Meteorologists and storm chasers are well known players in the drama of severe weather. Nelson belongs to another small group of sky watchers who appreciate a different aspect of bad weather -- its distinctive sound. As tornado reports in Minnesota have led the nation so far this year, they've had more opportunity than ever to listen for the wail of sirens.
Today, Nelson has a Federal Signal Thunderbolt 1000 siren of his very own and it's mounted on a wheeled dolly in his back yard in Burnsville. It's considered the classic siren, with a big square horn that's about five-feet long that rotates as the siren sounds.
And boy, does it sound. Nelson wears both ear plugs and ear muffs when his siren cranks up.
"When I'm setting it off, and I'm sitting behind it, it rattles your chest," he said. "You can see your eyes vibrating around. I mean, it's crazy. It's amazing what sound can do at these volumes."
Those volumes run up to 130 decibels, as loud as a standing beside jet engine at takeoff. On all but one afternoon a month, when other sirens are tested nearby, that's too loud for Nelson's back yard.
But that's one advantage for siren watchers -- in many cases, their hobby involves a public service, and the sound comes to them.
Atop parks and schools, beside fire departments and on water towers all over the state, hundreds of sirens stand ready to sound the alarm for miles around.
No one actually knows how far -- or even how many sirens there are.
Outdoor sirens are a patchwork of local systems and equipment that aren't addressed by any state law or agency -- except for the area immediately surrounding the state's two nuclear plants.
That patchwork makes people like Rob Mast one of the leading authorities on the subject in Minnesota.
By day, he works prepping jobs at a print shop in Byron, near Rochester. But after work -- sometimes even over the lunch hour -- he looks for tornado sirens.
"It's pretty much like an Easter Egg hunt," Mast said. "You know, they're usually by water towers or schools or parks or that kind of thing."

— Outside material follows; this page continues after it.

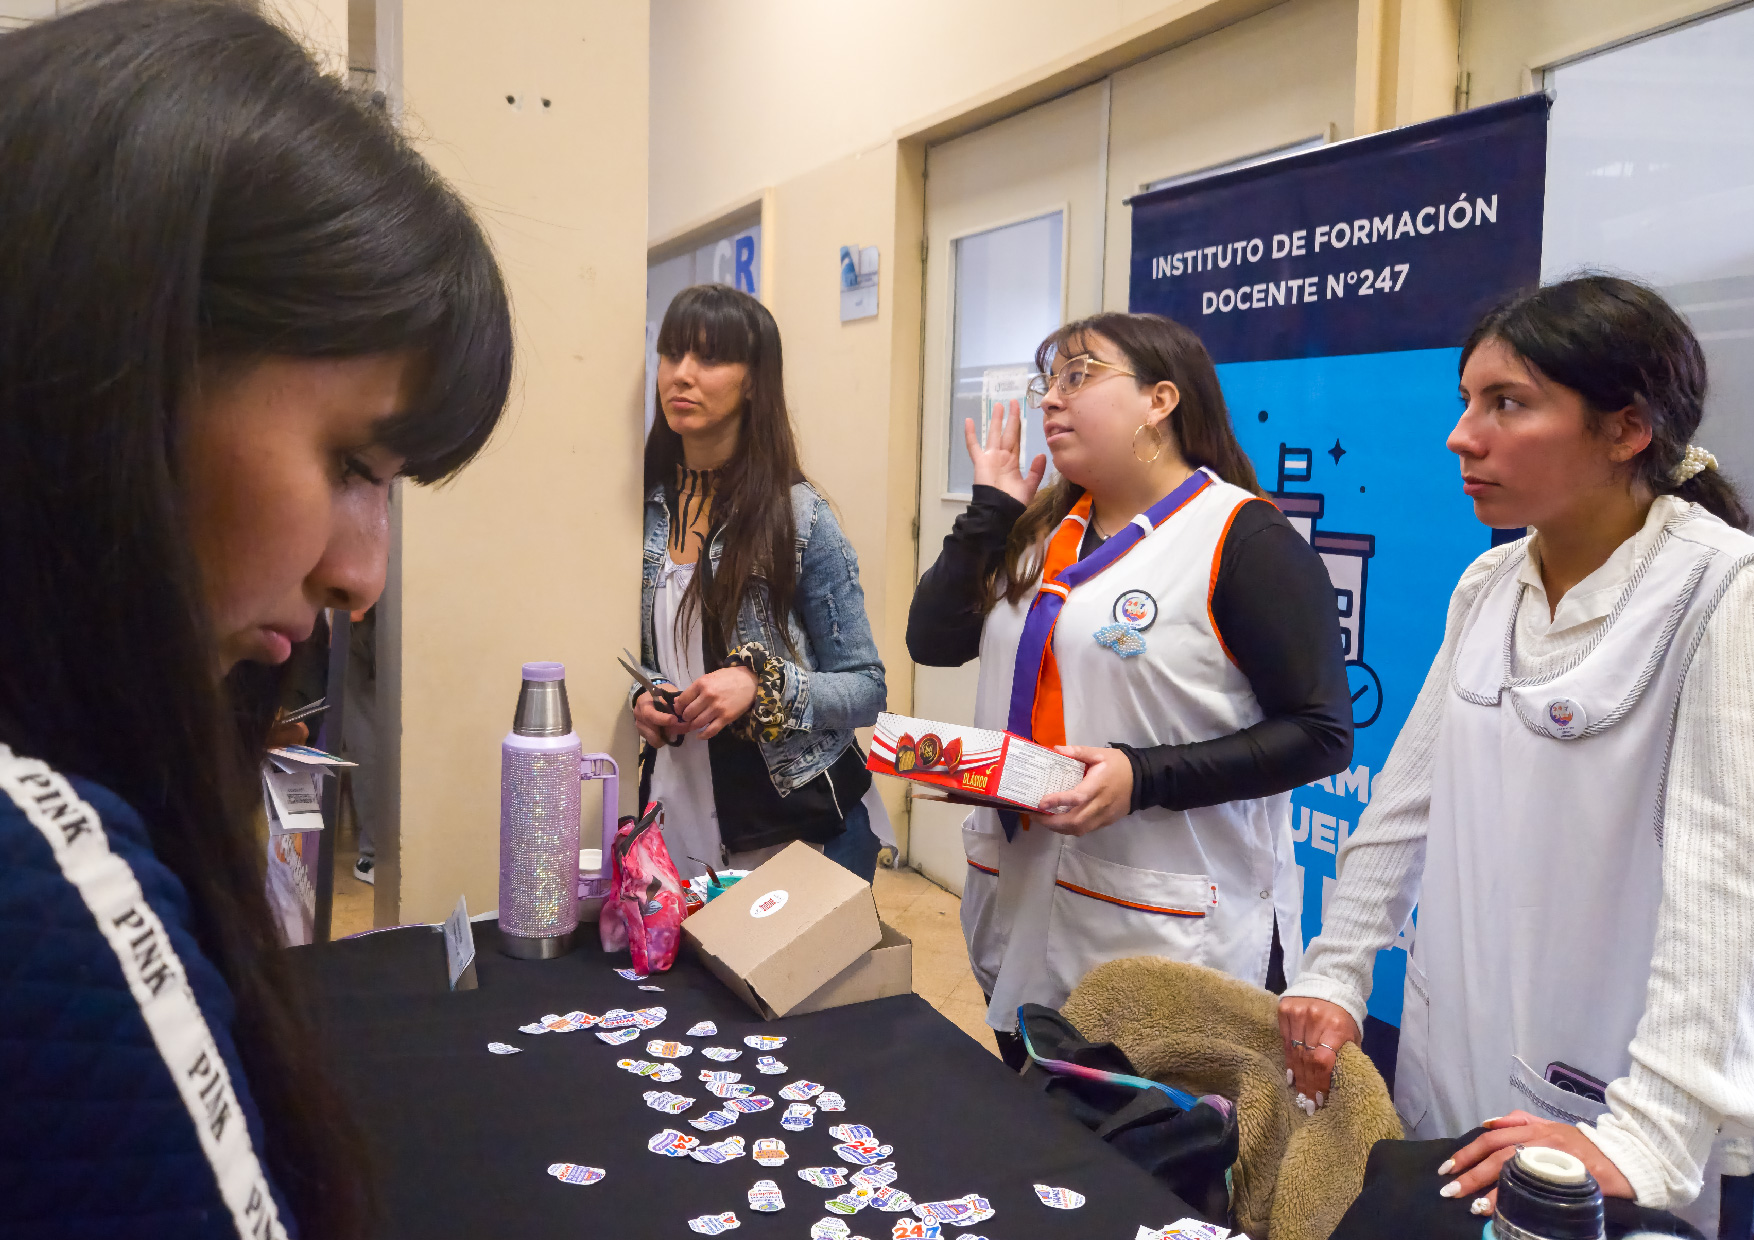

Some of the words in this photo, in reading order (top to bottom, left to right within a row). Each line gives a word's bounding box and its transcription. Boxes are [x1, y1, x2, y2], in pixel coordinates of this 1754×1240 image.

He receives maps from local emergency managers, notes sightings on a nationwide mailing list and sometimes just looks for sirens as he's driving around. His online map is one of the best sources for finding the sirens in Minnesota, although it still only covers about a quarter of the state.
Mast said it's a little like bird watching -- looking for rarities perched on poles and bolted to towers.
"Usually, the kinds you find are the Federal Signal 2001s," he said.
Those are small, white sirens with a bowl-shaped horn manufactured for the last 30 years or so.
"But when you find a Thunderbolt or an Allertor, it's like, wow, you found something really cool."
He's has an online photo gallery of some of those, like an old Erick siren, from a Minnesota company that built sirens from about 1920 to 1950. Mast is thinking about someday going over to Gibbon, where spotters have reported another unusual find -- a rare dual-horned Soundmaster 125 on the city's water tower.
Other sirens have names like Superbanshee, Screamer and Tempest.
But siren watching isn't just a novelty.
Joe Mikkelson is another Minnesota enthusiast. He's a college student in White Bear Lake and a close observer of the sirens in the Twin Cities. He videotapes siren tests and posts them online -- and sometimes notices discrepancies, like a recent malfunction of a siren near the Maplewood Mall.
Mikkelson watched it make a just a quarter turn during a test -- silently.
He has a keen ear for the air sirens, which sound by turning an electric fan inside a cylinder with a row of holes on one end. The cylinder and holes are called a chopper. Some sirens have dual fans that blow through choppers with two sets of holes, or ports.
Mikkelson said they make a distinct sound, like the one near his house. He's identified it as a Thunderbolt 1003.
"When you have two rows of air that move through the siren chopper, what happens is that it produces like a minor 3rd or a major 5th of a tone," he said. "So if this siren sounds like maybe an E flat, different port ratios make the sound come out of the horn differently."
It's not exactly a song, but it's one small part of the soundtrack of summer for Mikkelson and siren enthusiasts like him.